» WHAT YOU SHOULD DO
Repeat the records below exactly as they appear, leaving out any pictures.
*** EXTRACTED RECORDS ***
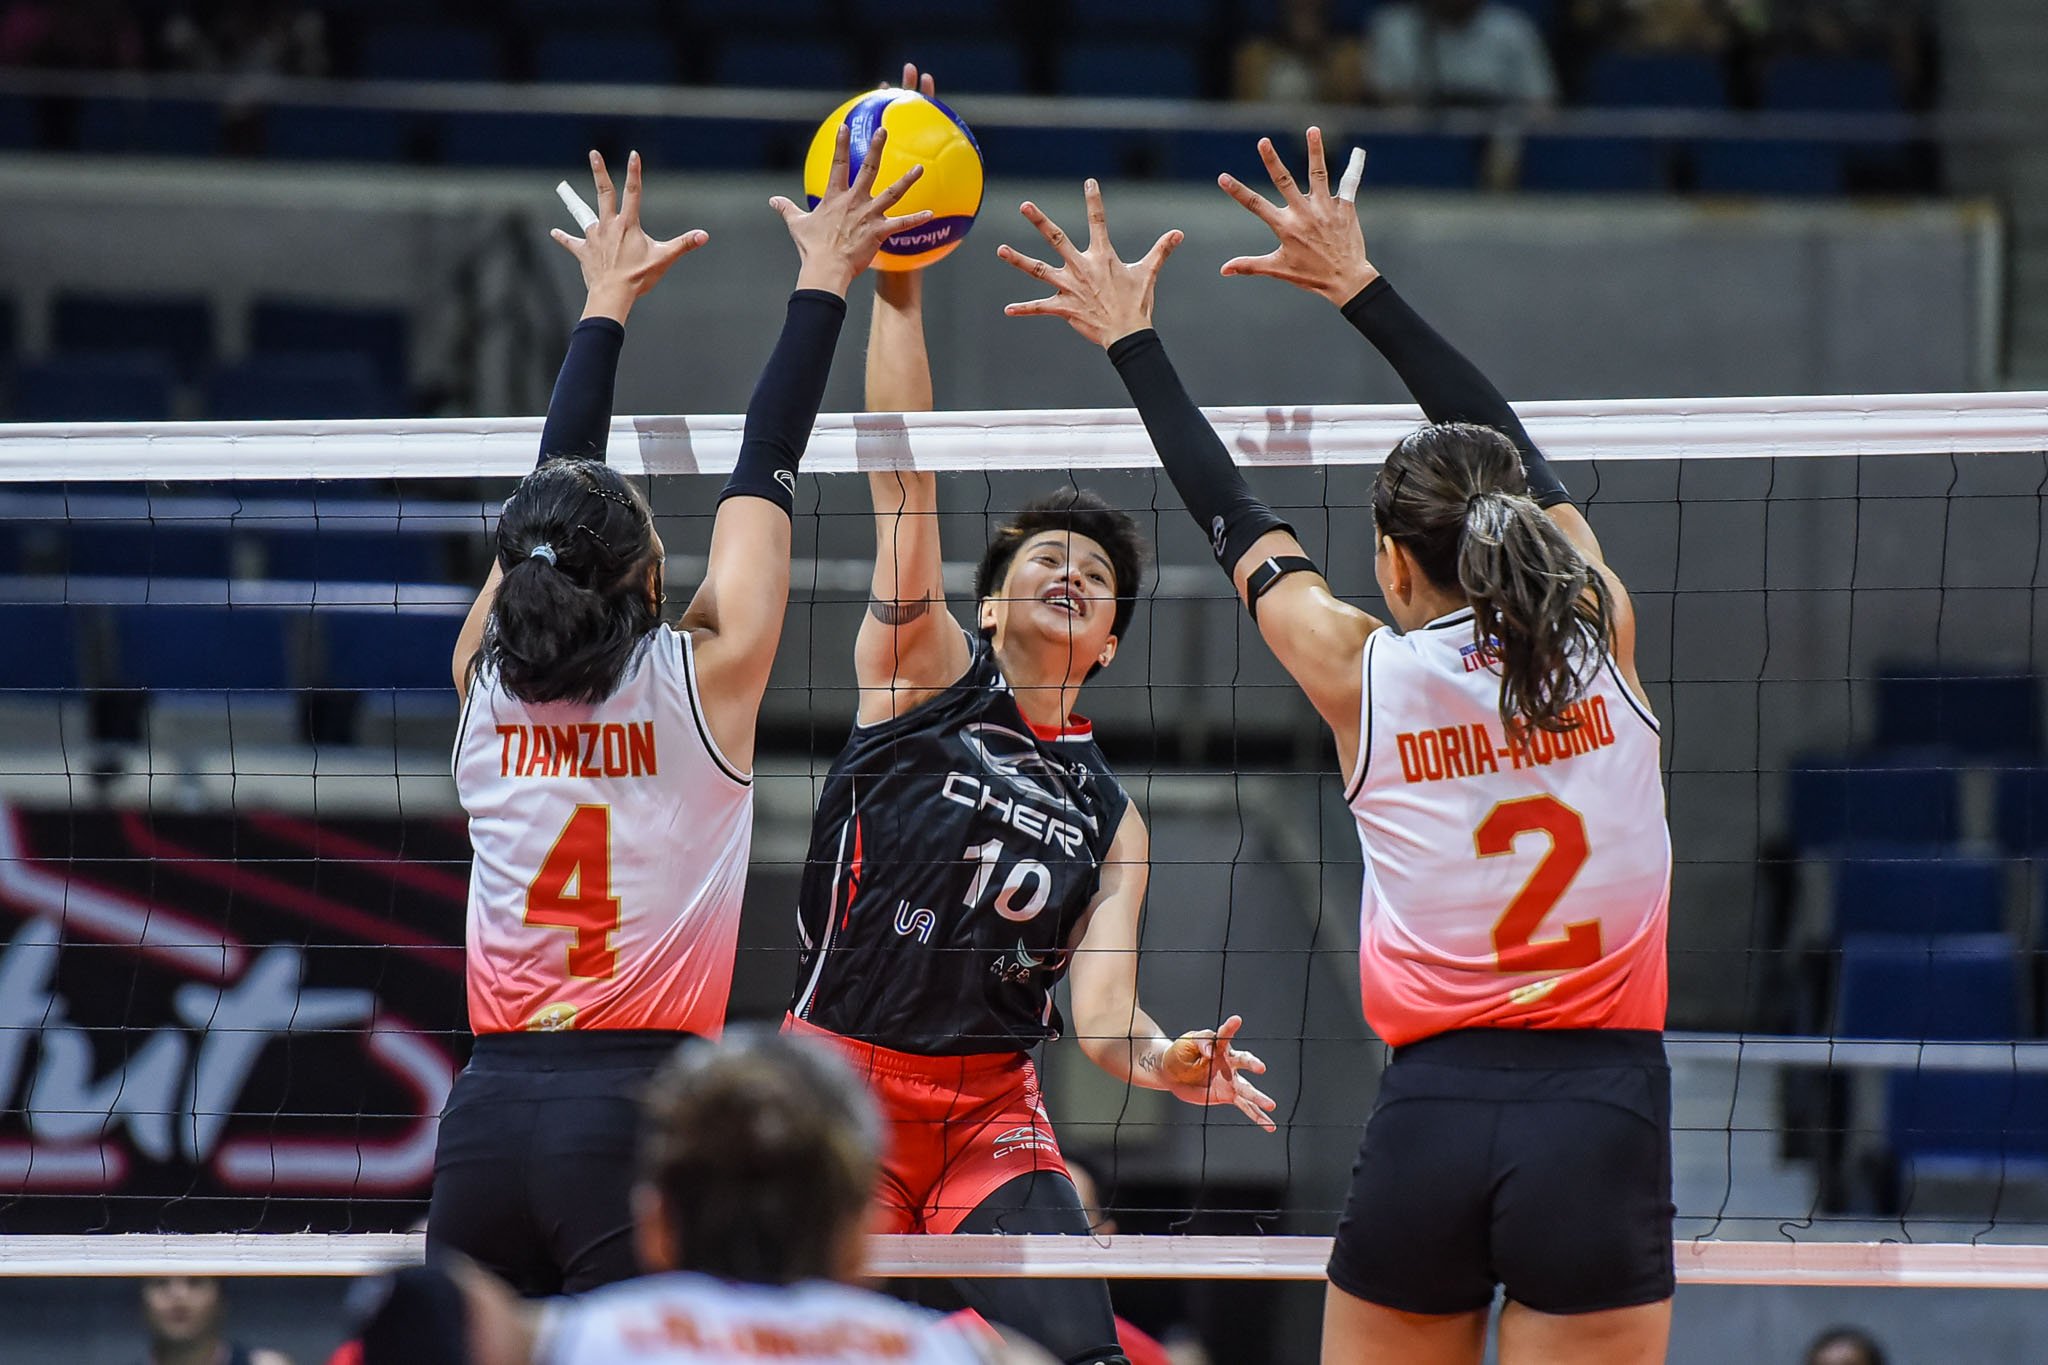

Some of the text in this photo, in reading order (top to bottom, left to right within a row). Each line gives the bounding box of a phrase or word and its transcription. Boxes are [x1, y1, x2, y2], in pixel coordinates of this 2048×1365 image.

[496, 720, 658, 778] TIAMZON
[523, 804, 621, 979] 4
[962, 838, 1052, 922] 10
[1473, 793, 1605, 974] 2
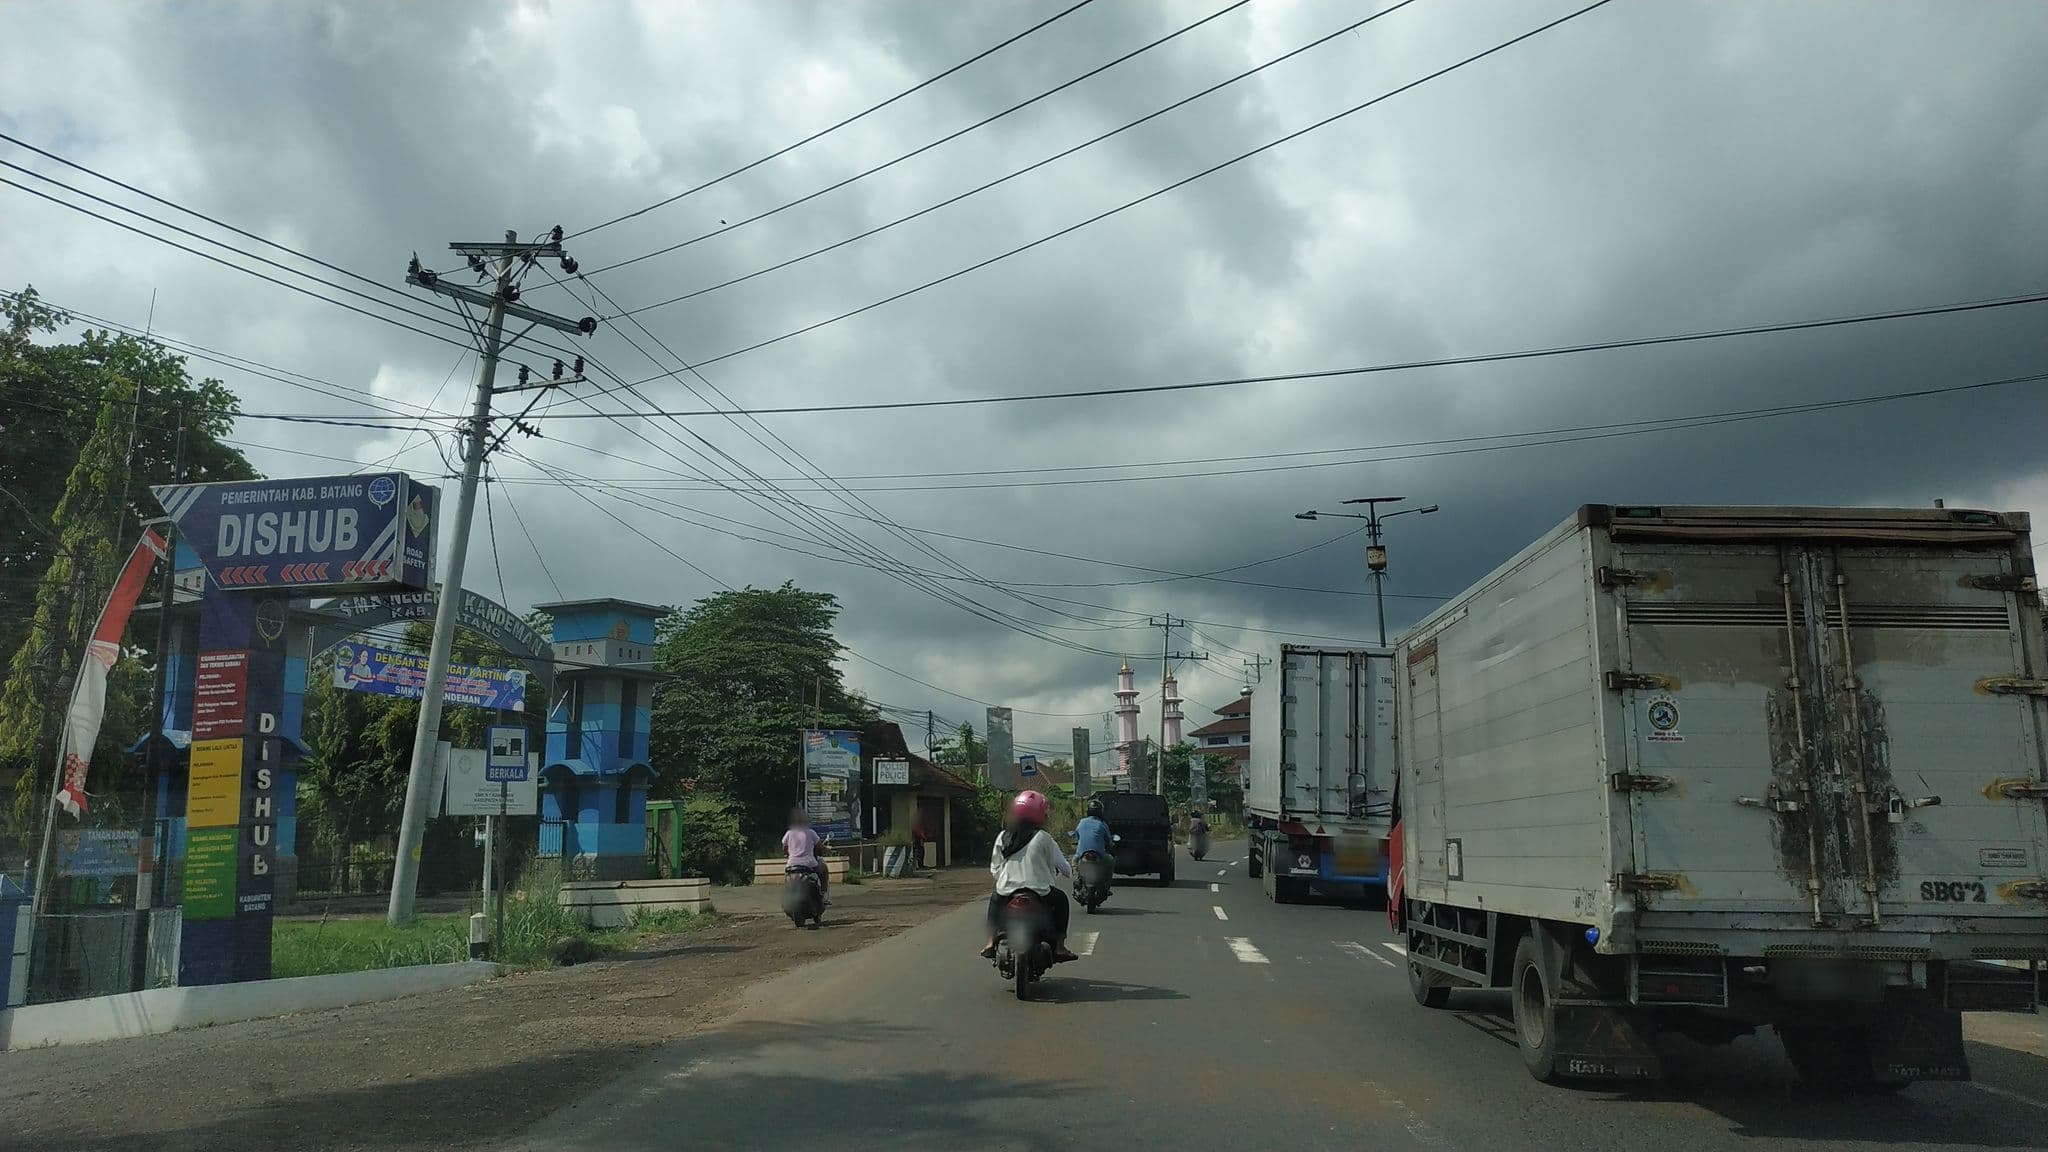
***
» OUTPUT OF THE EXERCISE
Some of the text in this photo, in reading order (top to bottom, left to right within a row). Each line gives the bounding box of a phrase or word and its transcription. Boxes are [x1, y1, x2, y2], in pixel coordinates of this 2048×1365 image.

[496, 720, 658, 778] TIAMZON
[523, 804, 621, 979] 4
[962, 838, 1052, 922] 10
[1473, 793, 1605, 974] 2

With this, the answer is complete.